Tuesday, 18 August 2015

Kailash Satyarthi - Nobel Peace Prize of 2014,Peace

Kailash Satyarthi (born Kailash Sharma; 11 January 1954) is an Indian children's rights and education advocate and an activist against child labour. He founded the Bachpan Bachao Andolan (lit. Save the Childhood Movement) in 1980 and has acted to protect the rights of more than 83,000 children from 144 countries. It is largely because of Satyarthi's work and activism that the International Labour Organization adopted Convention No. 182 on the worst forms of child labour, which is now a principal guideline for governments around the world.
Kailash Satyarthi March 2015.jpg
His work is recognized through various national and international honours and awards including the Nobel Peace Prize of 2014, which he shared with Malala Yousafzai of Pakistan.
Originally named Kailash Sharma, Satyarthi was born on 11 January 1954 in the Vidisha district of central Indian state Madhya Pradesh.

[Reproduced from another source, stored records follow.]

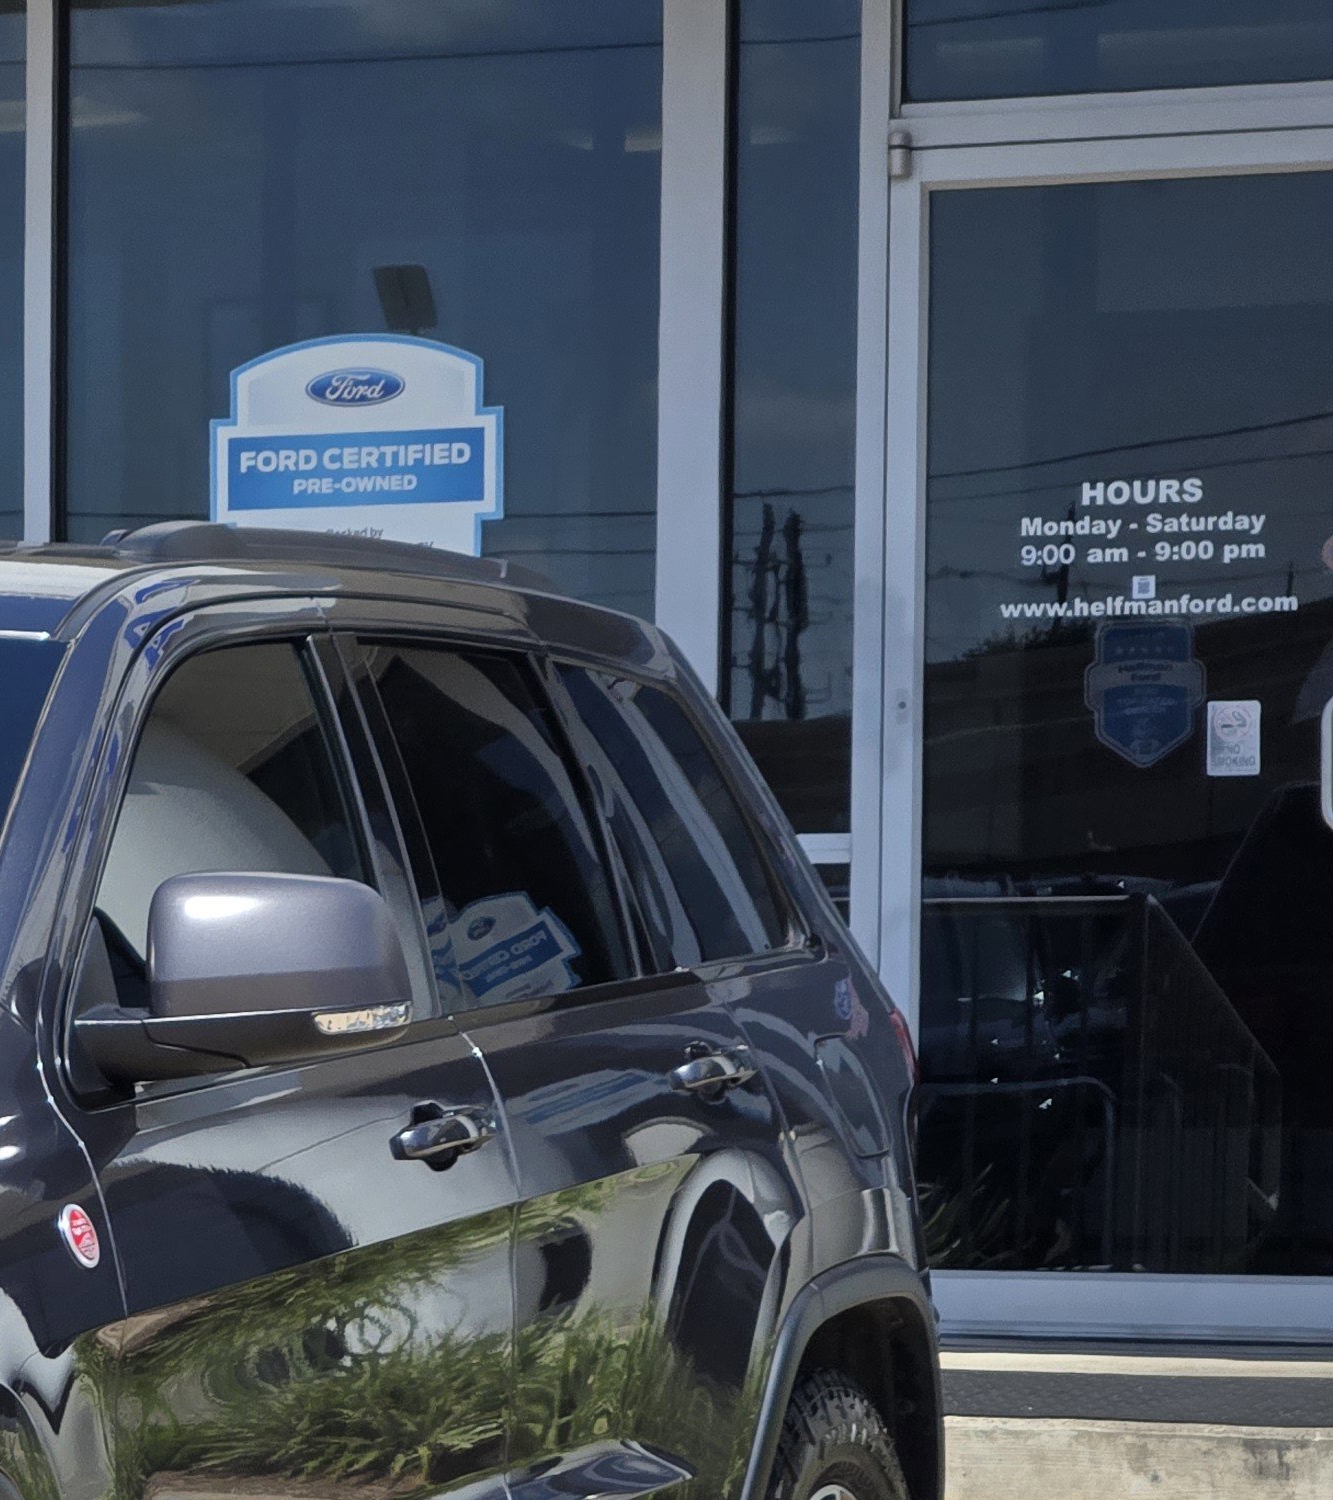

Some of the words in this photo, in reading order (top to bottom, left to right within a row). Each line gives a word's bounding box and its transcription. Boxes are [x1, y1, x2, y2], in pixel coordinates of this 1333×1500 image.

[324, 373, 384, 401] Ford
[239, 449, 318, 474] FORD
[322, 442, 471, 469] CERTIFIED
[293, 474, 417, 495] PRE-OWNED
[1081, 478, 1204, 506] HOURS
[1020, 516, 1122, 539] Monday
[1146, 512, 1266, 535] Saturday
[1021, 543, 1076, 566] 9:00
[1087, 545, 1129, 564] am
[1155, 540, 1214, 562] 9:00
[1223, 541, 1266, 564] pm
[1000, 593, 1298, 618] www.helfmanford.com
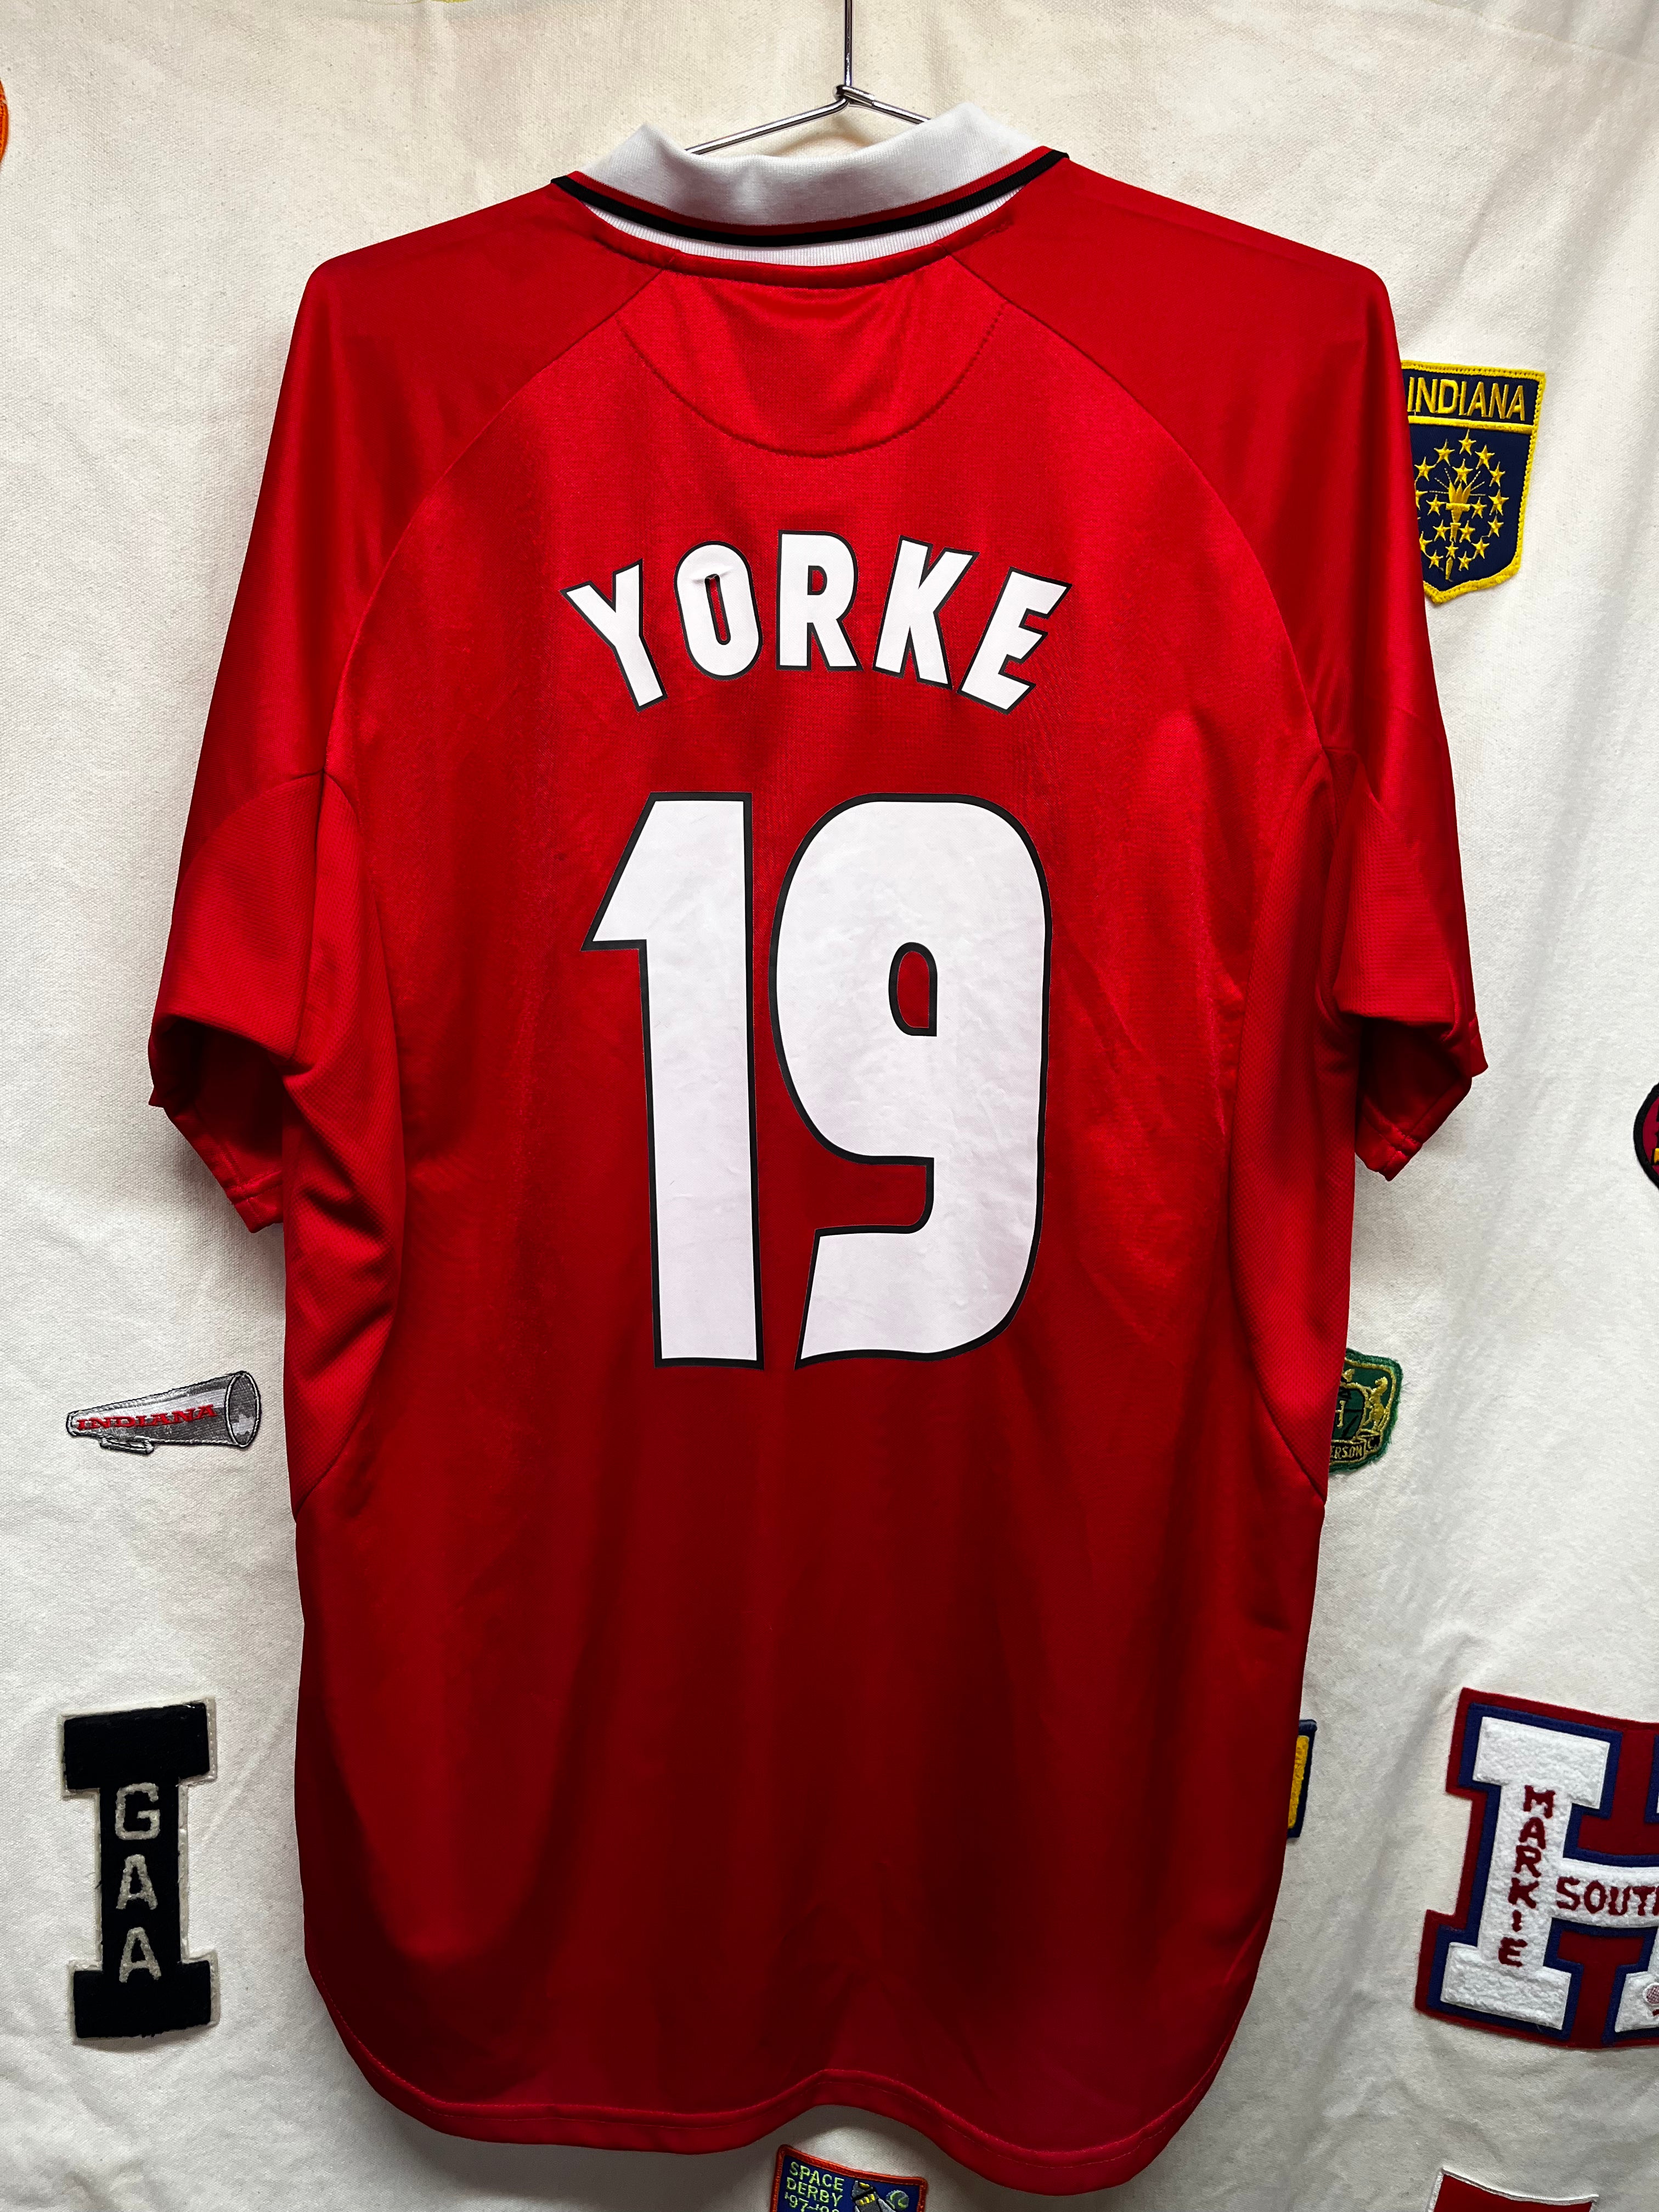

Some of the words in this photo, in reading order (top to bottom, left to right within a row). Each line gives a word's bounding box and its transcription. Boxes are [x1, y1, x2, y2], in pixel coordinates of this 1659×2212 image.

[1407, 376, 1526, 421] INDIANA
[560, 529, 1072, 714] YORKE
[580, 792, 1052, 1370] 19
[76, 1404, 218, 1430] INDIANA
[115, 1782, 161, 1983] GAA
[1498, 1785, 1556, 1968] MARKIE
[787, 2177, 843, 2207] DERBY
[789, 2162, 844, 2192] SPACE

He attended Government Boys Higher Secondary School, and completed his degree in electrical engineering at Samrat Ashok Technological Institute, Vidisha and a post-graduate degree in high-voltage engineering. He then joined a college in Bhopal as a lecturer for a few years,
In 1980, he gave up his career as a teacher and became secretary general for the Bonded Labor Liberation Front; he also founded the Bachpan Bachao Andolan (Save the Childhood Mission) that year. He has also been involved with the Global March Against Child Labor and its international advocacy body, the International Center on Child Labor and Education (ICCLE),which are worldwide coalitions of NGOs, teachers and trades unionists. He has also served as the President of the Global Campaign for Education, from its inception in 1999 to 2011, having been one of its four founders alongside ActionAid, Oxfam and Education International.
In addition, he established GoodWeave International (formerly known as Rugmark) as the first voluntary labelling, monitoring and certification system of rugs manufactured without the use of child-labour in South Asia. This latter organisation operated a campaign in Europe and the United States in the late 1980s and early 1990s with the intent of raising consumer awareness of the issues relating to the accountability of global corporations with regard to socially responsible consumerism and trade. Satyarthi has highlighted child labor as a human rights issue as well as a welfare matter and charitable cause. He has argued that it perpetuates poverty, unemployment, illiteracy, population growth, and other social problems, and his claims have been supported by several studies. He has also had a role in linking the movement against child labour with efforts for achieving "Education for All". He has been a member of a UNESCO body established to examine this and has been on the board of the Fast Track Initiative (now known as the Global Partnership for Education). Satyarthi serves on the board and committee of several international organisations including the Center for Victims of Torture (USA), the International Labor Rights Fund (USA), and the International Cocoa Foundation. He is now reportedly working on bringing child labour and slavery into the post-2015 development agenda for the United Nation's Millennium Development Goals.

Satyarthi, along with Pakistani activist Malala Yousafzai, was awarded the Nobel Peace Prize in 2014 "for their struggle against the suppression of children and young people and for the right of all children to education". Satyarthi is the fifth Nobel Prize winner for India and only the second Indian winner of the Nobel Peace Prize after Mother Teresa in 1979.